Clauses 3.6, 3.7 and 3.8 deal with payment of rates, major maintenance, minor maintenance, insurance of the property and general repairs. These are all the responsibility of Ms Benzion and her husband except 'Capital Improvements' which are 'split pro rata between all owners'.
The Co-operation Agreement includes provisions for a valuation of the Property to be carried out at specified intervals and for various options which may be exercised regarding the sale of the Property. It is unnecessary to go into detail about these provisions and, indeed, would be difficult to do so with any confidence. It is sufficient to say that APIE's return from the Property seems to arise from the 'rent' payable by Ms Benzion and her husband, from any capital appreciation of the value of the Property and from an ongoing fee structure.

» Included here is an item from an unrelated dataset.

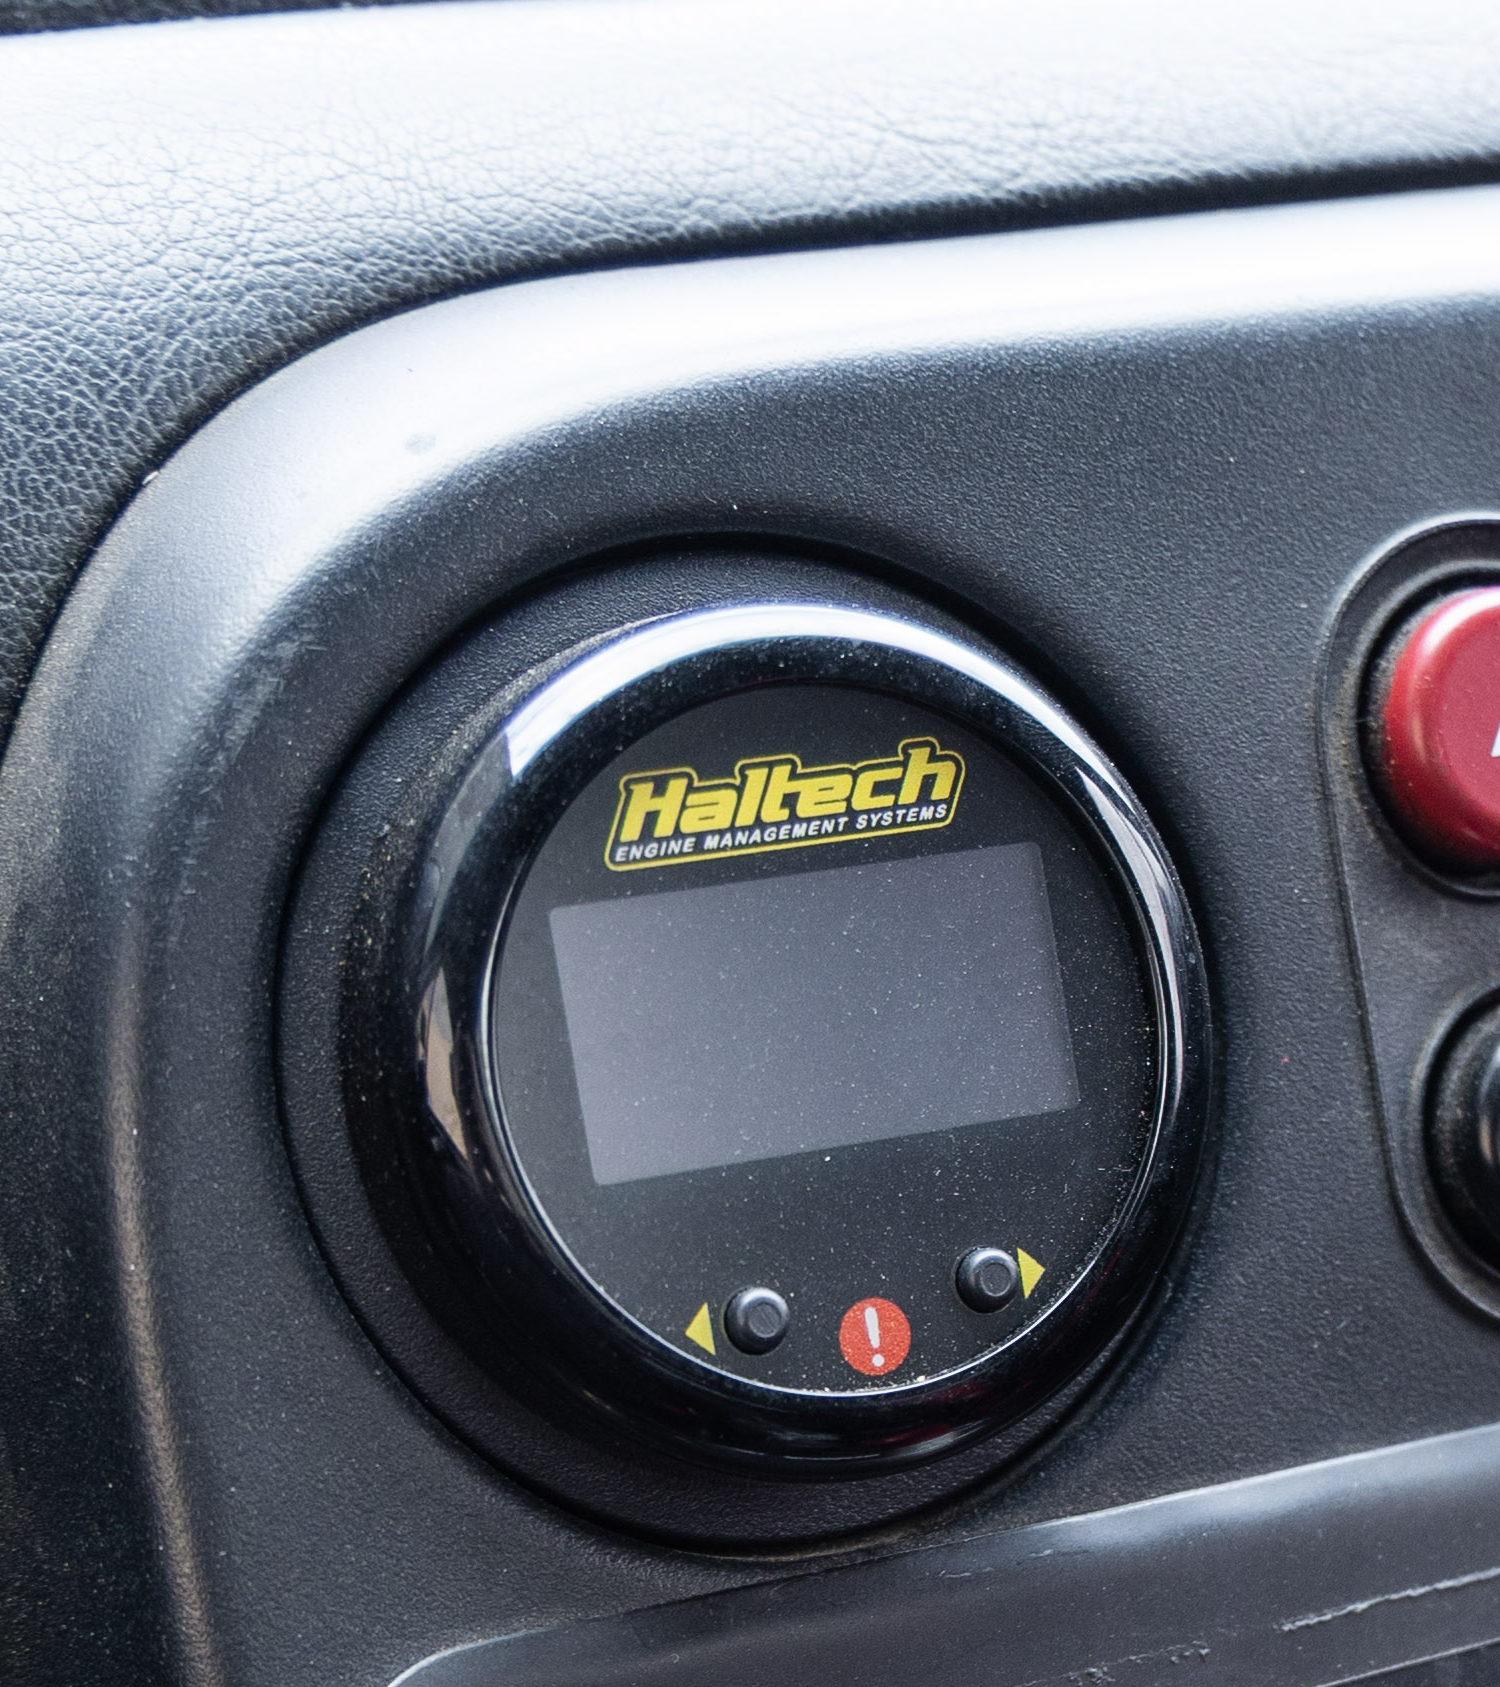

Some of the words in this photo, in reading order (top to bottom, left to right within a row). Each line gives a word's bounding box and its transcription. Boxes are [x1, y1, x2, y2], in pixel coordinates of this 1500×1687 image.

Clause 3.12 of the Coownership Agreement is as follows:
[APIE] shall never have a right to occupy the property.
The document also provides that if Ms Benzion and her husband default in any payment under the Cooperation Agreement, the effect is that they must vacate the Property and APIE can either:
a)sell Ms Benzion's share (APIE 'will be automatically granted Power of Attorney' for this purpose); or
b)the whole of the Property may be sold.
In this situation, various fees are to be paid to APIE from Ms Benzion's share of the sale proceeds.
The parties' submissions
Ms Benzion submits that she is eligible for a first home owner grant in relation to the Property and that APIE cannot be an applicant for the grant.

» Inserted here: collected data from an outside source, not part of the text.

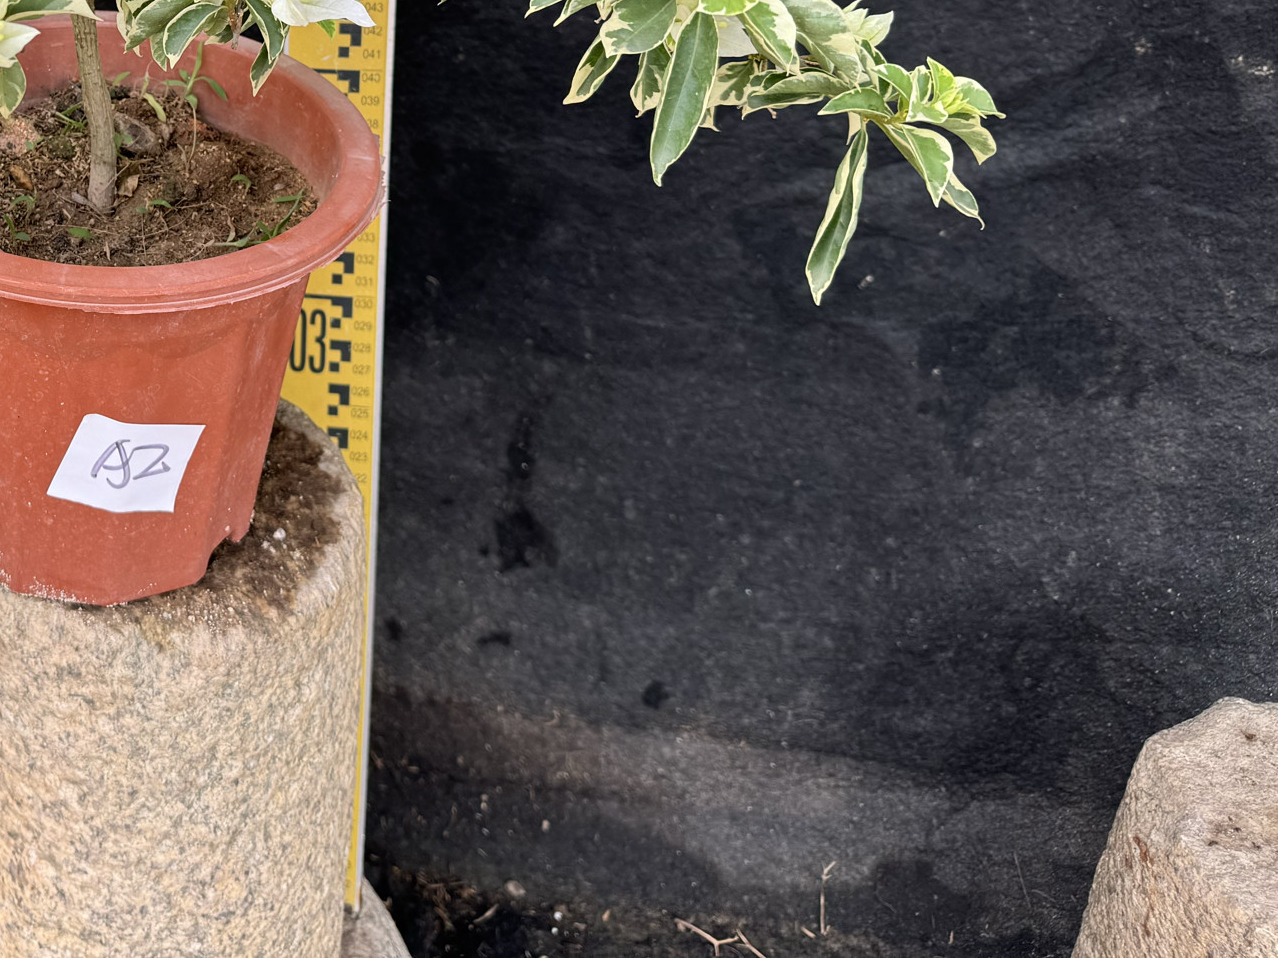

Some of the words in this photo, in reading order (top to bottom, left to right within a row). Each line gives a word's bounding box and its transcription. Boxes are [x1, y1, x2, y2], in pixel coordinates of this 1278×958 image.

[365, 2, 384, 13] 043
[363, 25, 383, 36] 042
[362, 49, 381, 59] 041
[361, 72, 381, 83] 040
[361, 96, 380, 106] 039
[355, 254, 374, 264] 032
[355, 276, 373, 286] 031
[354, 298, 373, 309] 030
[354, 320, 372, 330] 029
[290, 309, 326, 373] 03
[352, 343, 371, 353] 028
[352, 364, 370, 375] 027
[351, 386, 370, 396] 026
[350, 408, 369, 418] 025
[350, 430, 368, 441] 024
[349, 451, 368, 462] 023

Ms Benzion argues that APIE does not have a relevant interest in land because it does not have a right to immediate occupation of the Property as required by subsection 6(2)(a) of the FHOG Act.
Ms Benzion points out that clause 3.12 of the Cooperation Agreement expressly provides that APIE does not have and never had a right to occupy the Property. She submits that because the Cooperation Agreement, dated 23 December 2011, predates the Completion Date, APIE had forfeited its right to occupy the Property before the Completion Date.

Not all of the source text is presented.